> [TASK DESCRIPTION]
Could you return, exactly as written, only the lines from the one holding "this 1359×1650 image." through the final line of the records below?

> [RECORDS PROVIDED]
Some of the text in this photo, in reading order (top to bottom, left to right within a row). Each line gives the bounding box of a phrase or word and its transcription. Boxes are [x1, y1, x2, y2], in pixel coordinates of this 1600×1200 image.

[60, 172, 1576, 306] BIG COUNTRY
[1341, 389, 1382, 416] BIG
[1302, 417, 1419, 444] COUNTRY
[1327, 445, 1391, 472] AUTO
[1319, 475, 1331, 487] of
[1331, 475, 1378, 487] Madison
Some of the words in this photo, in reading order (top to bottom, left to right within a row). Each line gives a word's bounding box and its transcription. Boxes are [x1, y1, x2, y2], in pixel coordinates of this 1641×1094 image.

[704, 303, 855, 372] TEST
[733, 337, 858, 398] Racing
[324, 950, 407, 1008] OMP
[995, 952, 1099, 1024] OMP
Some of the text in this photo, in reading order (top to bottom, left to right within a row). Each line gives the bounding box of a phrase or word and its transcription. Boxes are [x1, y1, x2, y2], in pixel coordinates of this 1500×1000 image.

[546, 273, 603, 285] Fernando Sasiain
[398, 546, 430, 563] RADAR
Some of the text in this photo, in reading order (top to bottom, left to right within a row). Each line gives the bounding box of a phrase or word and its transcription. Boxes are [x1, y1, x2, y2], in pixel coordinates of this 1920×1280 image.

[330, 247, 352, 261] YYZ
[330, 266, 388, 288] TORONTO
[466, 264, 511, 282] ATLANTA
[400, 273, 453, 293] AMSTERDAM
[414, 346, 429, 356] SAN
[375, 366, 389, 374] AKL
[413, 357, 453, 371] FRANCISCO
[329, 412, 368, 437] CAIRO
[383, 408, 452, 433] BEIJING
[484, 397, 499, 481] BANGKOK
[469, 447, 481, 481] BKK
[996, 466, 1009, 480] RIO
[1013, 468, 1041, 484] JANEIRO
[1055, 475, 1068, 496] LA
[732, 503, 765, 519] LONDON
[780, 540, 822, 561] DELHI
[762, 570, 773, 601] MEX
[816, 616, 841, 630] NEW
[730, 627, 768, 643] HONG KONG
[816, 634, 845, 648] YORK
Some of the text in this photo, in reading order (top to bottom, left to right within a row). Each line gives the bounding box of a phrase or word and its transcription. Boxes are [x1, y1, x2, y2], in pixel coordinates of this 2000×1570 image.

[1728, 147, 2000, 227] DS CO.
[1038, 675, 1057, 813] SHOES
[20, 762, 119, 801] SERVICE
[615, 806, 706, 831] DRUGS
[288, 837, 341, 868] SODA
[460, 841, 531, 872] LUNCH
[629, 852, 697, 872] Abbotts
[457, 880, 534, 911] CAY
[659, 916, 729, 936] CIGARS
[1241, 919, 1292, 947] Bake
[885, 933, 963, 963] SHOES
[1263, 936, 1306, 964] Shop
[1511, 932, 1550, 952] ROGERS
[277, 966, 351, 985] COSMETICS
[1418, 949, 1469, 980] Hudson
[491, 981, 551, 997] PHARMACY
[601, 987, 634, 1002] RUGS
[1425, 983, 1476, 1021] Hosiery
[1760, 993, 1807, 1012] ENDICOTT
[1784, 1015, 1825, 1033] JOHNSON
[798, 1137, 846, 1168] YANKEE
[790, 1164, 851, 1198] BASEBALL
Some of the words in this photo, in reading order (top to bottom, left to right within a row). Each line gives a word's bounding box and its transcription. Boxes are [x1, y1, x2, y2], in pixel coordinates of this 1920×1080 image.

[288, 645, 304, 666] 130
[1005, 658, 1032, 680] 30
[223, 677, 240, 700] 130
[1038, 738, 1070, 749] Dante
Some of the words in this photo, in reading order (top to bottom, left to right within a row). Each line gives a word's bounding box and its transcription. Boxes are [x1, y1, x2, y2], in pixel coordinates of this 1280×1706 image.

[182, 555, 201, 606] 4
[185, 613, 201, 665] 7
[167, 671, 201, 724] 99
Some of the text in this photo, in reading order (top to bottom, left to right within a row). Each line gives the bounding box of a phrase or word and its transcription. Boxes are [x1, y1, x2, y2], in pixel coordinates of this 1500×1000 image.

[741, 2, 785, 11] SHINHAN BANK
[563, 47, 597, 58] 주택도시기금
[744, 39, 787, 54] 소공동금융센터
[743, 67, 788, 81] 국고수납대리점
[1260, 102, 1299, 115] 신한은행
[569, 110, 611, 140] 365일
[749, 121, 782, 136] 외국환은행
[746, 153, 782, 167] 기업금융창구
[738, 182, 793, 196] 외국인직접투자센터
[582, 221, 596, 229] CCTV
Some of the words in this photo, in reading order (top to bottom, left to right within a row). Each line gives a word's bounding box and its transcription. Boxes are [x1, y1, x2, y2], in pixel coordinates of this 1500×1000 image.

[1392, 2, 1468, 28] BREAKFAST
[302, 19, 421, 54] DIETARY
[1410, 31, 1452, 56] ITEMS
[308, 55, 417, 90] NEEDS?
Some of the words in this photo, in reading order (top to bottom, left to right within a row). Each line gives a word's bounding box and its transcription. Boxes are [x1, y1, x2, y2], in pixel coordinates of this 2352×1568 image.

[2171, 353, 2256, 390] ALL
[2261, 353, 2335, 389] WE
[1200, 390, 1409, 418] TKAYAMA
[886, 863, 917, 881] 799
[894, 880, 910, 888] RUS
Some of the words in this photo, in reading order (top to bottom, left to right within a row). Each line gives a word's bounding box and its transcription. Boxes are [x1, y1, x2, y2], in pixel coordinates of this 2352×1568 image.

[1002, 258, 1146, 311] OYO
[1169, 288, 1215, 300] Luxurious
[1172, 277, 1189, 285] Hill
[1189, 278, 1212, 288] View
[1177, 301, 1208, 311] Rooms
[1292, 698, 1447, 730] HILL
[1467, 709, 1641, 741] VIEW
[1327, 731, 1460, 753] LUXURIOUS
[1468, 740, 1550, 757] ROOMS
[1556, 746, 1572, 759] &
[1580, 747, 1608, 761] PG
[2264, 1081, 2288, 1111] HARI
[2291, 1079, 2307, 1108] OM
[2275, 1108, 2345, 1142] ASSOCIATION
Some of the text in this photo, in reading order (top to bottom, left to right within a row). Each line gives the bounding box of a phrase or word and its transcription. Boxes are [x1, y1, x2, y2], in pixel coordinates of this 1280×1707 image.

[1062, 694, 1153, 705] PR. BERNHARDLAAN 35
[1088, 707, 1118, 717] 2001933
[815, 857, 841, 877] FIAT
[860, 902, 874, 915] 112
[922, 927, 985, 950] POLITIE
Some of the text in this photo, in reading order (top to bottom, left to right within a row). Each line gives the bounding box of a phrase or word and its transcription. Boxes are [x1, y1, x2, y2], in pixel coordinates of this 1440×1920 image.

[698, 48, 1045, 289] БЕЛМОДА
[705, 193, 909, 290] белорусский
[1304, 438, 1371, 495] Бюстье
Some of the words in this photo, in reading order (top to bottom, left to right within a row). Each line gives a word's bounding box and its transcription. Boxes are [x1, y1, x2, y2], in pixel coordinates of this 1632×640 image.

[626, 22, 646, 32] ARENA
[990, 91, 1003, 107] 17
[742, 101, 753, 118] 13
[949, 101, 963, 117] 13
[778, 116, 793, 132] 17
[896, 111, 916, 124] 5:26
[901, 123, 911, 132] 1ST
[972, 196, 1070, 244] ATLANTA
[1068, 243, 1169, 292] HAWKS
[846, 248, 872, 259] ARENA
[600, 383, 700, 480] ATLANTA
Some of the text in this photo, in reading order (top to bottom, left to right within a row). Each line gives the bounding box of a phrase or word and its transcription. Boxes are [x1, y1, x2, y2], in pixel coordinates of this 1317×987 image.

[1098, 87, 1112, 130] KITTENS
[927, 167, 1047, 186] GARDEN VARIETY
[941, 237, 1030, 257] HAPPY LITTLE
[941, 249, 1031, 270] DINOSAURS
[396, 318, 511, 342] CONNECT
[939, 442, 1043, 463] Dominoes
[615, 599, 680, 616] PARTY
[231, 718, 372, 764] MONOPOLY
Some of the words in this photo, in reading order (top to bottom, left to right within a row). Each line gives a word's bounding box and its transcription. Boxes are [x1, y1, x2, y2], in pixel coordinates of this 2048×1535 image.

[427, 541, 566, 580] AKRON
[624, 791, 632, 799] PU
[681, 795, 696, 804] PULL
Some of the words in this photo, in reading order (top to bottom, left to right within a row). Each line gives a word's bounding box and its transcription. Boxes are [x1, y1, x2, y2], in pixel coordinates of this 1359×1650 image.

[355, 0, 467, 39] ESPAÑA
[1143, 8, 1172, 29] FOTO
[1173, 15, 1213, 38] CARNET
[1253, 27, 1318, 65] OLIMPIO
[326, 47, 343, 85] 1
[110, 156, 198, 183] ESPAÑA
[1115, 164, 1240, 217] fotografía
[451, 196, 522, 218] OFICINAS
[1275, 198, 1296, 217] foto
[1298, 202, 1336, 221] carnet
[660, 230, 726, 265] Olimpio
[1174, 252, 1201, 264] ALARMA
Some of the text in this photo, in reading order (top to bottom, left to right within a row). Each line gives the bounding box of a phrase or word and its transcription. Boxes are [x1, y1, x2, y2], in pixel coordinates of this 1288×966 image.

> [TASK RESULT]
Some of the words in this photo, in reading order (top to bottom, left to right within a row). Each line gives a word's bounding box and its transcription. Boxes are [x1, y1, x2, y2], in pixel coordinates of this 1359×1650 image.

[355, 0, 467, 39] ESPAÑA
[1143, 8, 1172, 29] FOTO
[1173, 15, 1213, 38] CARNET
[1253, 27, 1318, 65] OLIMPIO
[326, 47, 343, 85] 1
[110, 156, 198, 183] ESPAÑA
[1115, 164, 1240, 217] fotografía
[451, 196, 522, 218] OFICINAS
[1275, 198, 1296, 217] foto
[1298, 202, 1336, 221] carnet
[660, 230, 726, 265] Olimpio
[1174, 252, 1201, 264] ALARMA
Some of the text in this photo, in reading order (top to bottom, left to right within a row). Each line gives the bounding box of a phrase or word and its transcription. Boxes are [x1, y1, x2, y2], in pixel coordinates of this 1288×966 image.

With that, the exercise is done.